Abstract
Objective:
Metabolic syndrome is a set of cardiac risk factors with increased risk of chronic diseases. The aim of this study is to evaluate the efficacy of crocin of saffron on metabolic syndrome.
Methods:
This double-blind, randomized clinical trial was conducted on metabolic syndrome patients who were randomly assigned to crocin of saffron or control (placebo) groups. The intervention group received 100 mg/day crocin tablets (a constituent of saffron) for 6 weeks. Then, the changes in metabolic syndrome component were compared between two groups. The trial was registered in the Iranian Registry of Clinical Trials. Data were entered to SPSS 15. Chi-square, Fisher's exact, paired t-test, and independent t-test were used to analyze data. P < 0.05 was defined as statistical significant level.
Findings:
Totally, 48 patients included in the trial (24 intervention and 24 placebo participants). There were significant reductions from baseline measurements in the levels of total cholesterol (P < 0.001) and triglyceride (P = 0.003) after the 6-week crocin administration. However, this decrease in lipid profile was not significant when compared with placebo group. There was no significant change in other laboratory values, blood pressure, and anthropometric measures.
Conclusion:
The present study indicated that the dose of about 100 mg crocin of saffron was well tolerated and has no complication for 6 weeks of oral administration. However, the dosage used in our study had no effect on metabolic syndrome. Further studies are required to assess this effect with the higher dosages of crocin as well as long time effects of its administration on metabolic syndrome patients.

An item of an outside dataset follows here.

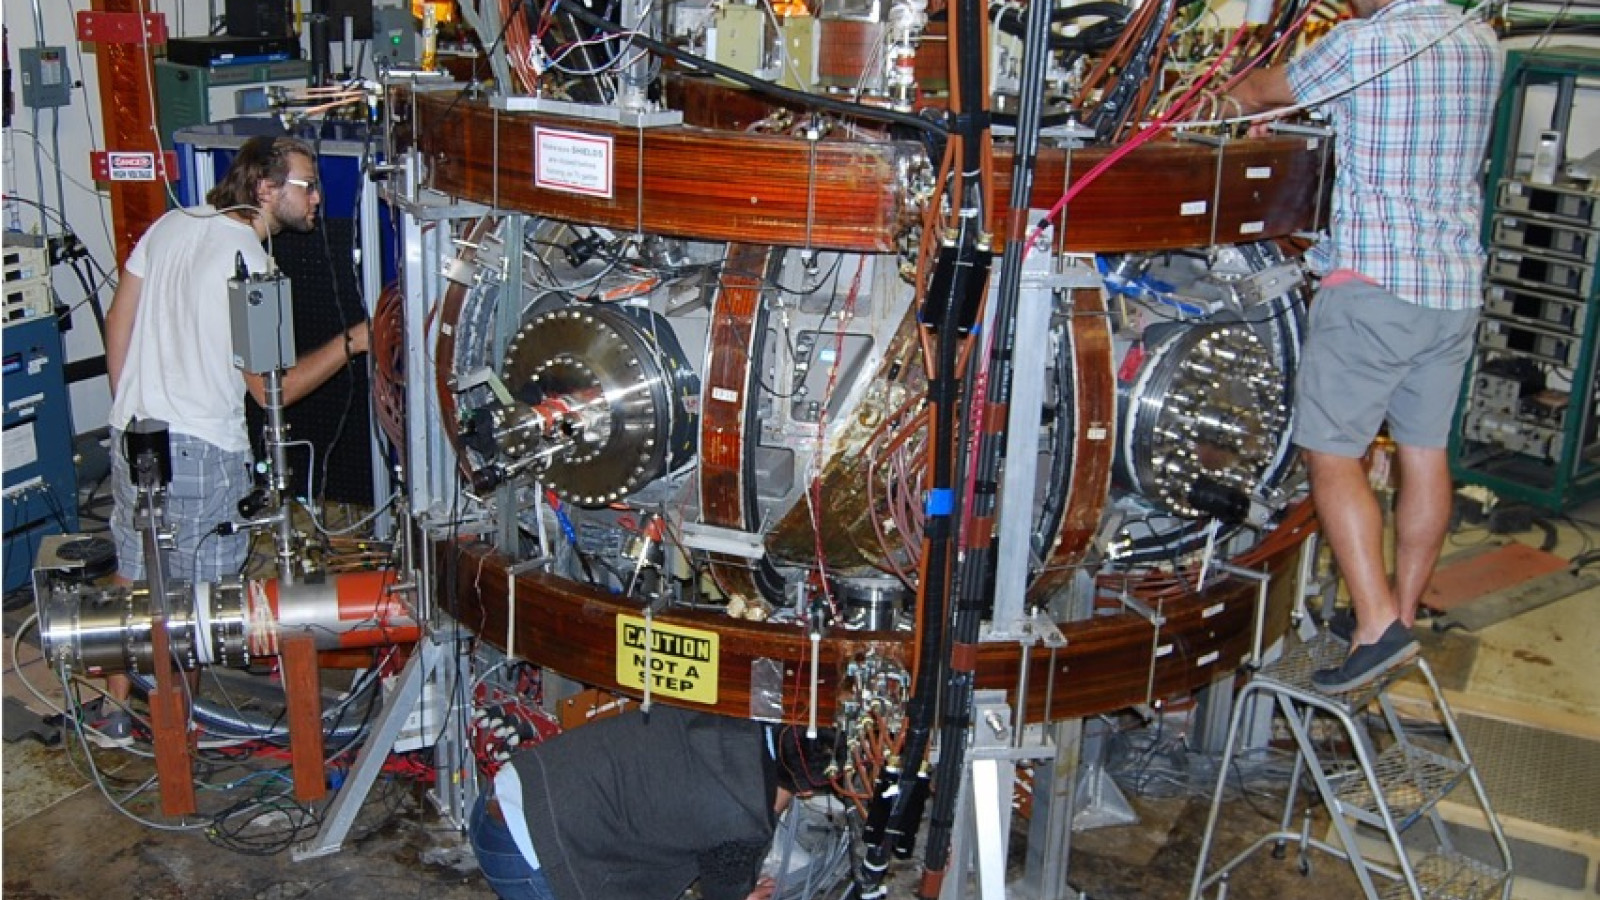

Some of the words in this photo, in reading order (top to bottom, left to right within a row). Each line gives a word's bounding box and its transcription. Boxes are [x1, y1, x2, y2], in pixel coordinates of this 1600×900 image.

KEYWORDS: Crocin, metabolic syndrome, randomized clinical trial, Saffron
INTRODUCTION
Metabolic syndrome is a combination of some disorders and risk factors related to cardiovascular disease and diabetes.[1,2,3] Over the past two decades, different definitions have been proposed for metabolic syndrome.[4] A harmonized definition was published in 2009 by several associations and foundations including International Diabetes Federation (IDF), National Heart, Lung, and Blood Institute, American Heart Association, World Heart Federation, International Atherosclerosis Society, and International Association for the Study of Obesity. This definition contained several factors including the high levels of glucose and triglycerides (TG) and decreased level of high-density lipoprotein cholesterol (HDL) along with high blood pressure (BP) and obesity, particularly central obesity.[5] It is estimated that about 20%–25% of adults in the world are affected by metabolic syndrome.[6]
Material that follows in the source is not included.